Shelley and Sabin entered the Stamford machine with a legacy already carved in stone. They were the guys who made Tag Team wrestling in the 2000s feel like a main event act. You don't take a pair of innovators who redefined the fast-paced, high-impact style—guys who could pull a 4.5-star match out of a literal mop bucket—and treat them like mid-card warm-up acts. Yet, here we are.
The booking disconnect
The issue wasn't the talent. It was the fit. When you are booking a machine that lives to put on spectacles, you need to understand what makes your parts move. Shelley is the cerebral technician; Sabin is the high-flyer turned grizzly veteran who still hits a suicide dive with more crispness than guys ten years his junior. Seeing them relegated to the background while creative chased whatever shiny object was currently trending in the writers' room felt like watching a master chef get hired just to butter toast.

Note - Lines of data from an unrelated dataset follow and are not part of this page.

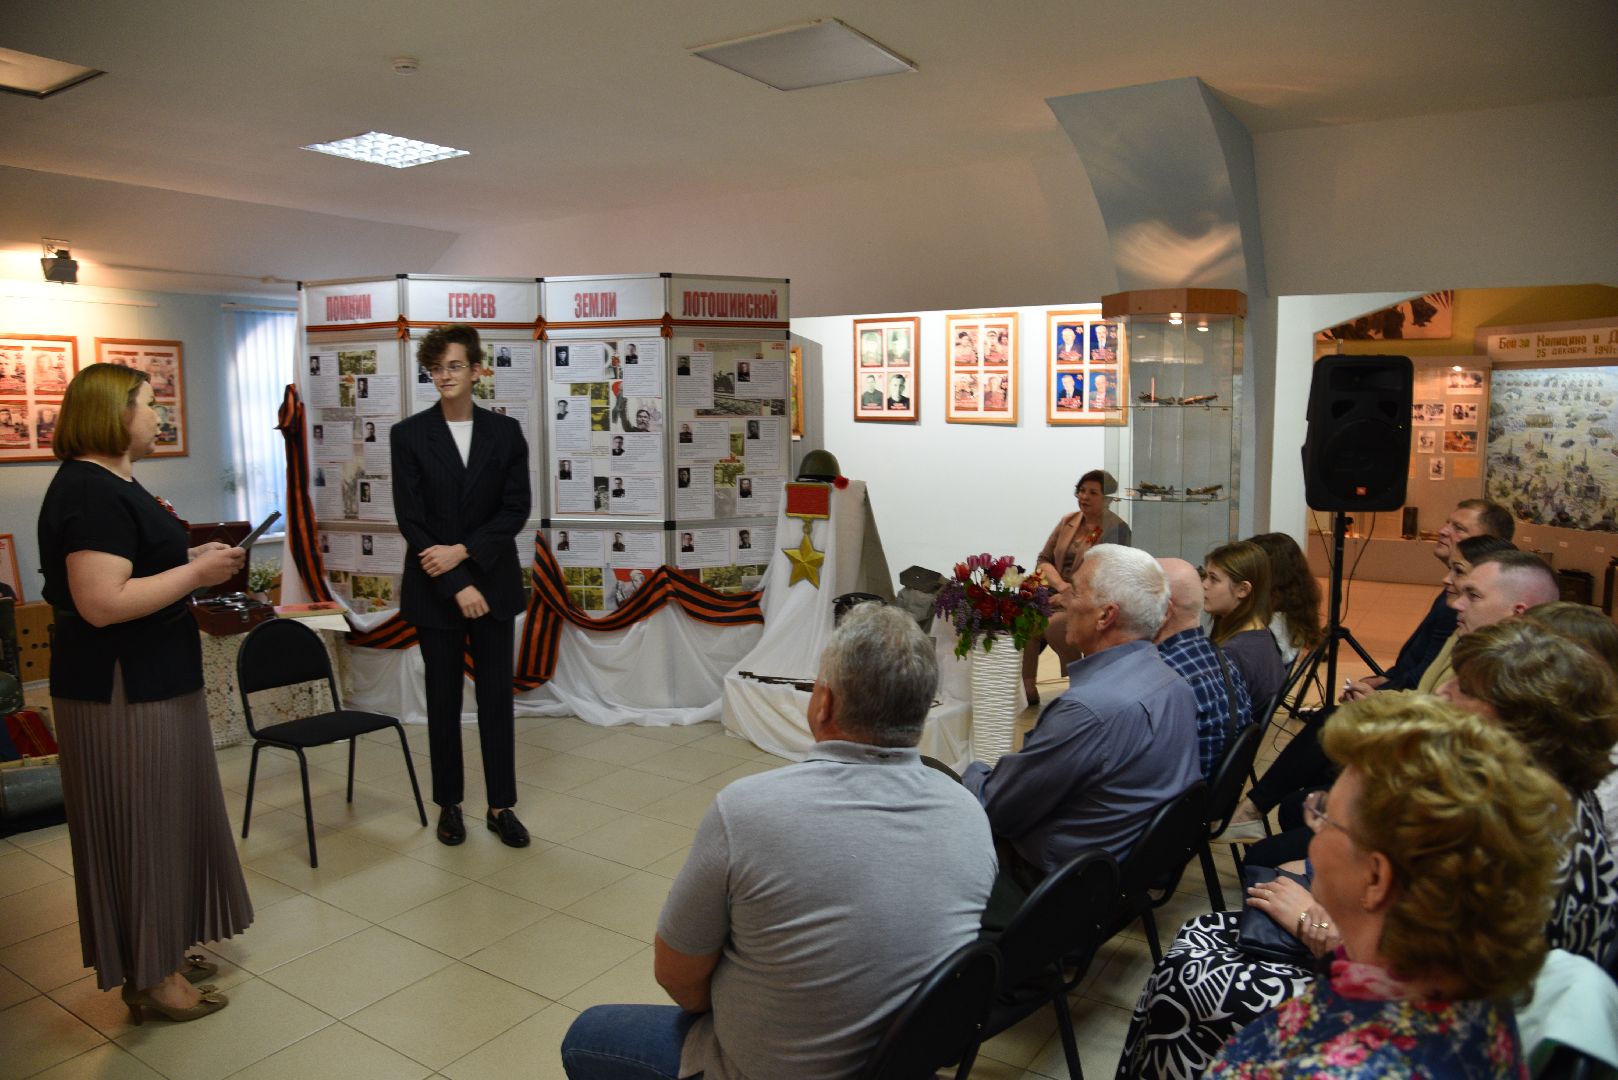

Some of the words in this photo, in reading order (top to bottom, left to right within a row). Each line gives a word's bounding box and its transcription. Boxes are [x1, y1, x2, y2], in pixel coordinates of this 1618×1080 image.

[448, 293, 496, 318] ГЕРОЕВ
[574, 292, 617, 318] ЗЕМЛИ
[682, 289, 778, 319] ЛОТОШИНСКОЙ
[1536, 348, 1546, 358] 25
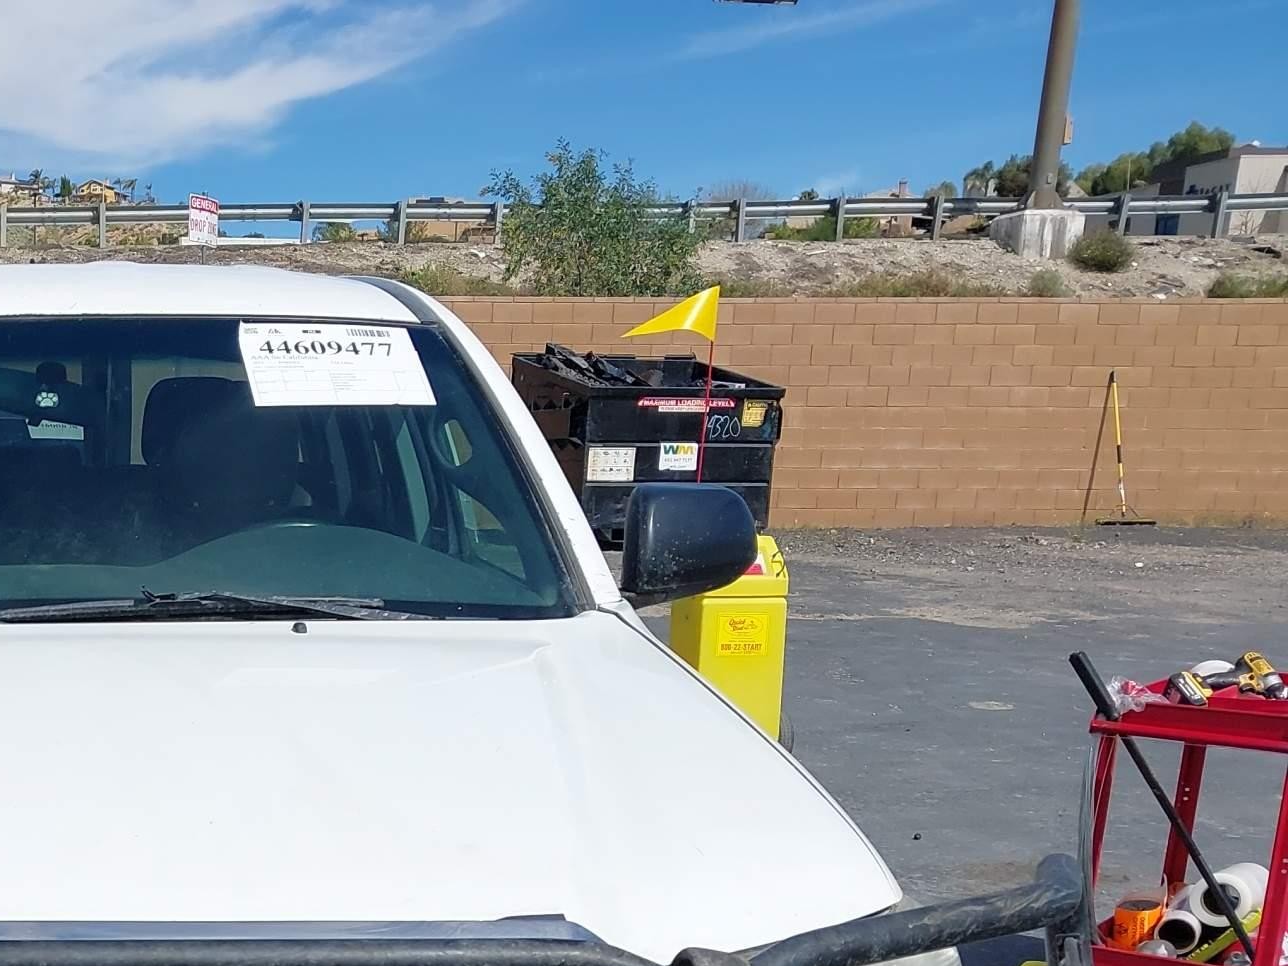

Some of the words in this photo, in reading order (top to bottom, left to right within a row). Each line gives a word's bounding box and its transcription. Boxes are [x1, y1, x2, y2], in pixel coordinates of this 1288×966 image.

[191, 219, 206, 232] DROP
[259, 340, 392, 357] 44609477
[663, 444, 694, 455] WM
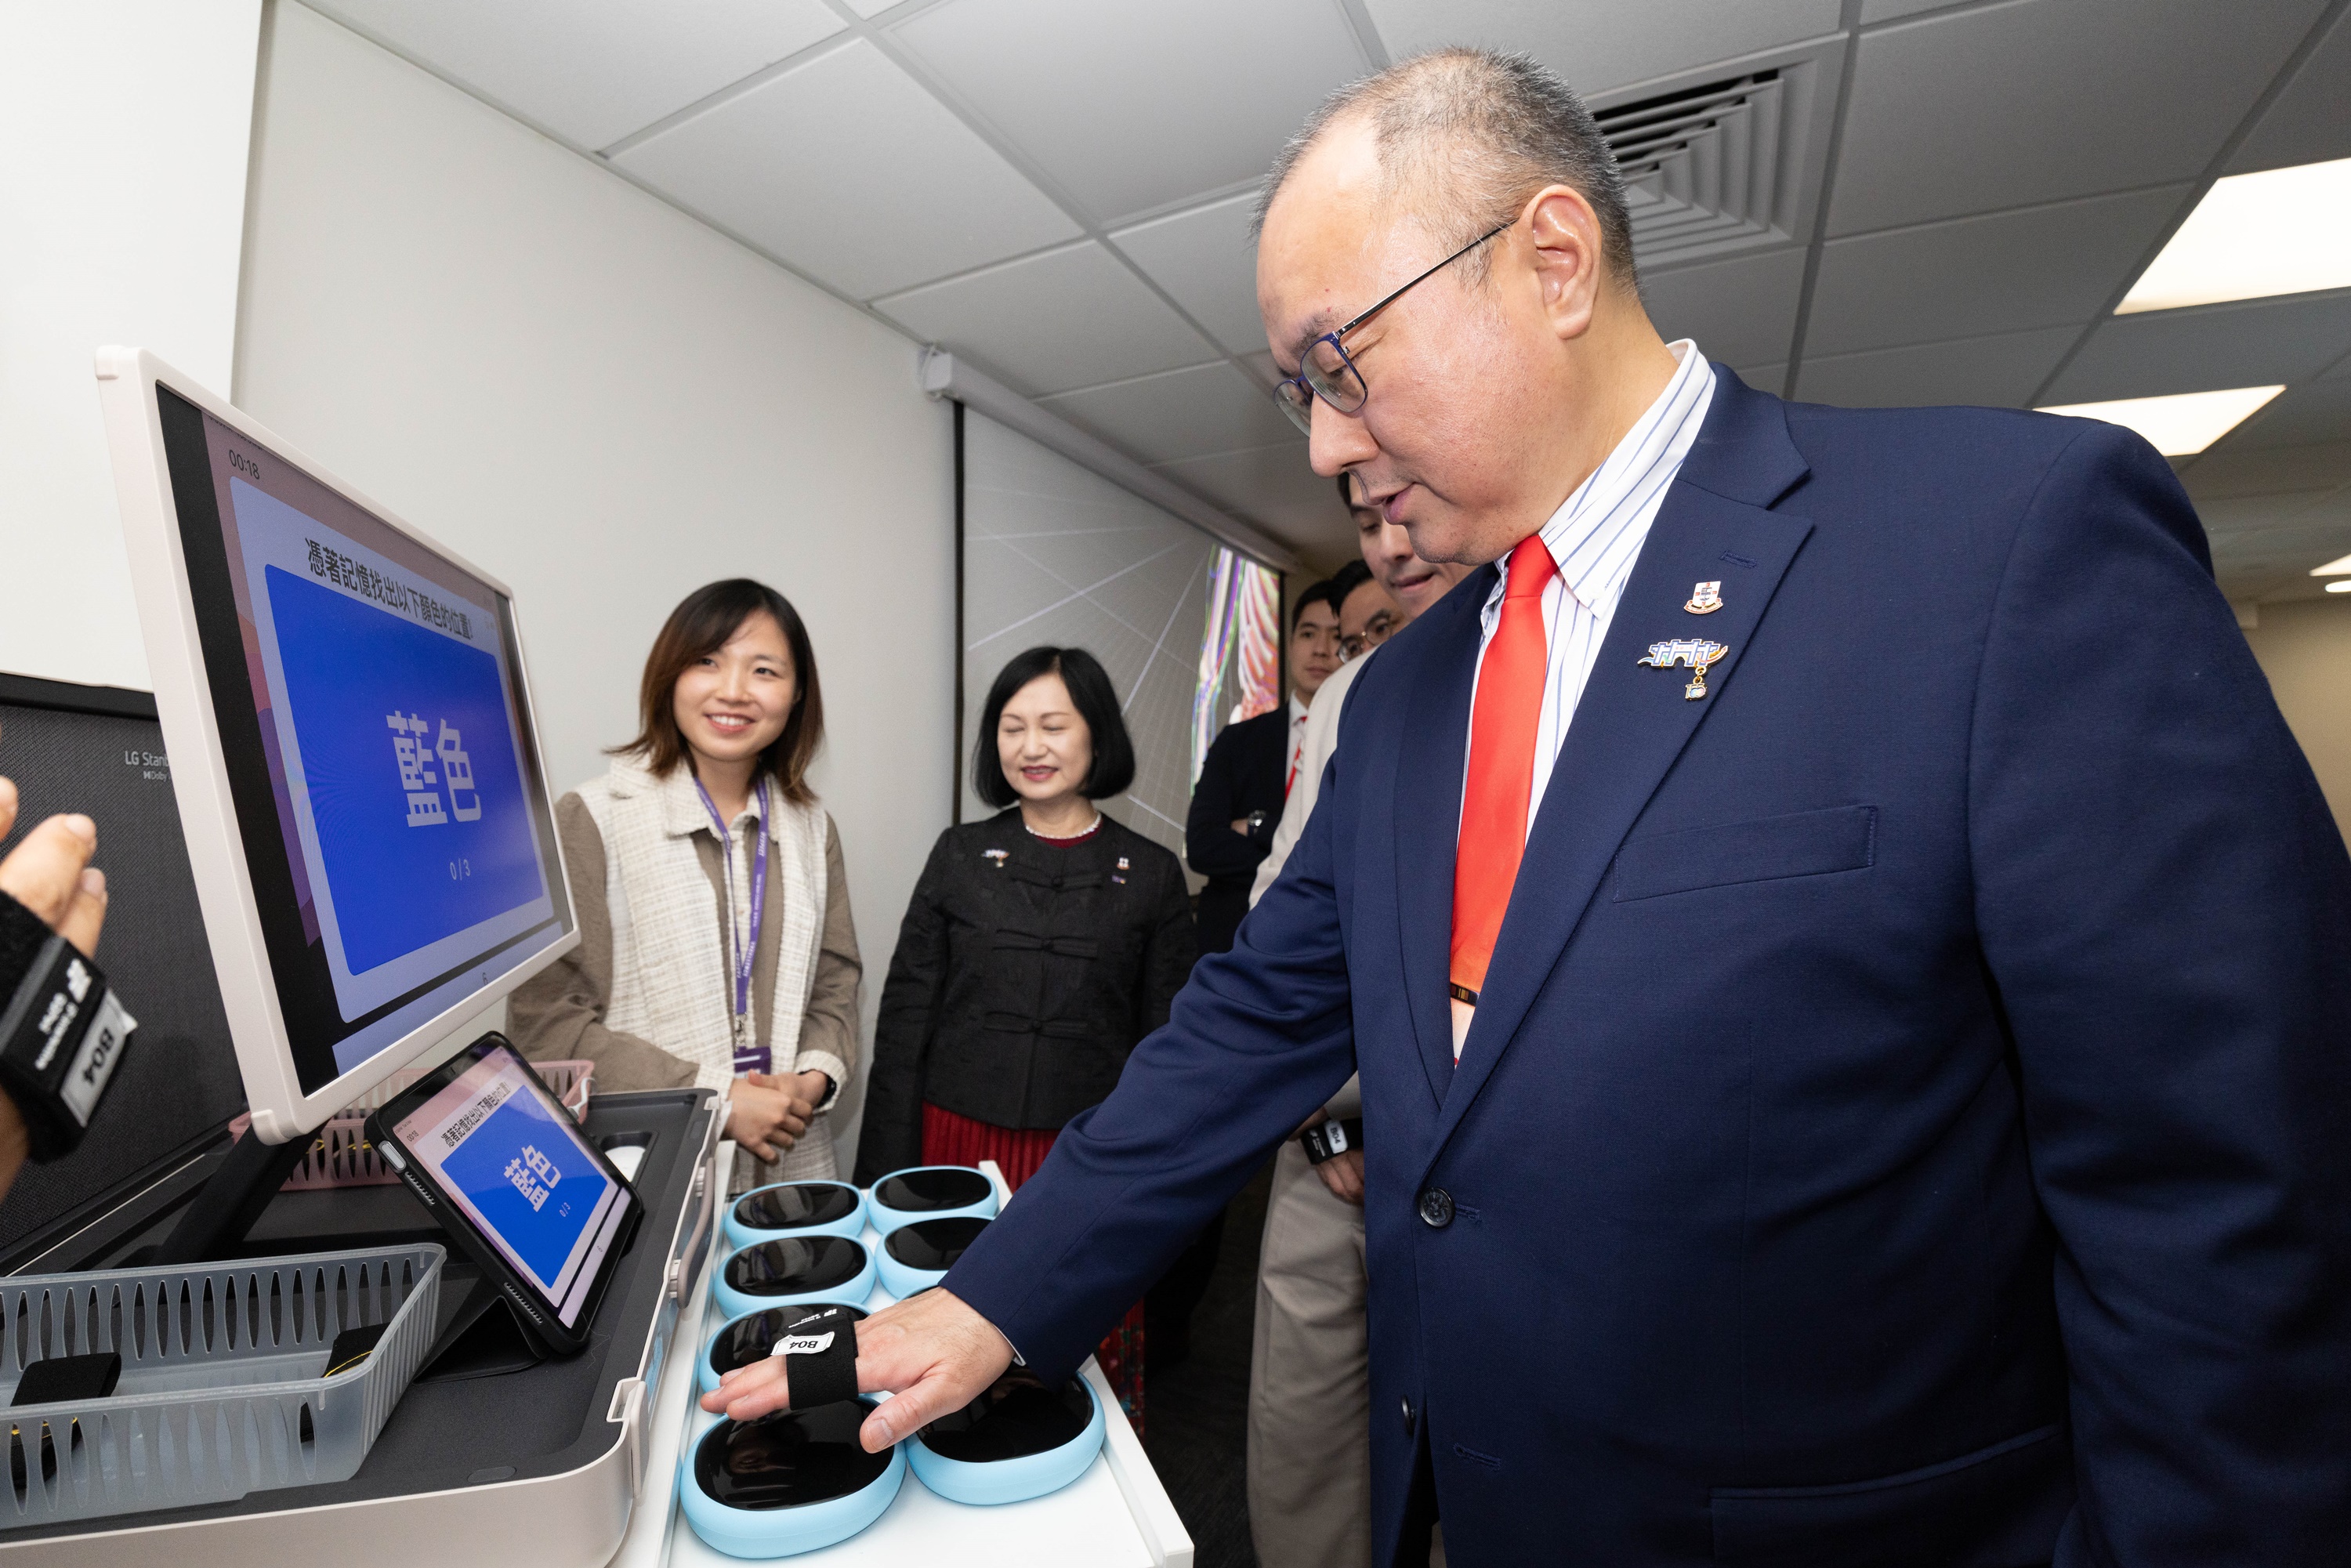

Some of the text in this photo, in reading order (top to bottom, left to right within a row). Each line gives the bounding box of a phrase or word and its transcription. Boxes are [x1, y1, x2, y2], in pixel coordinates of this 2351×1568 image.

[229, 449, 260, 480] 00:18
[125, 750, 139, 766] LG
[386, 710, 482, 827] 藍色
[82, 1027, 114, 1086] B04
[406, 1130, 419, 1142] 00:18
[1330, 1128, 1341, 1144] B04
[503, 1145, 562, 1212] 藍色
[789, 1341, 818, 1349] B04

Let’s call a spade a spade. WWE has a bad habit of trying to put square pegs into round holes until the wood cracks. They wanted a specific brand of television, and the Machine Guns operate on a frequency that requires an audience to be paying attention to the actual wrestling during the matches. That is a tall order for a three-hour broadcast that spends half its time recapping footage from twenty minutes ago.
What happens next
Now the vultures are circling, though in this case, the vultures are just every promoter on the planet who wants to sell out a venue. Shelley and Sabin have choices. They could head to Japan. They could hit the independents at the peak of their earning power. They could even haunt the TNA archives if they wanted to remind everyone where the revolution really started back in the day.
We saw this coming. It has happened before with guys who earned their stripes in arenas that smelled like stale beer and broken dreams. Maybe the run was a 0/10 in terms of utility, but it wasn't a waste of time. It proved that some wrestlers are just bigger than the machine. They survived the system, kept their name, and walked away without having to sell their soul or their moveset to a committee.
The reality is that wrestling doesn't stop when you leave a certain locker room. It just gets real again. I’d rather watch Alex Shelley teach a masterclass in a high school gym in Detroit than see him stuck in a holding pattern while some guy in a suit decides the finish of a match based on a social media algorithm. The Machine Guns are back in the wild. Expect the tag team scene to get a lot more interesting by August 2026.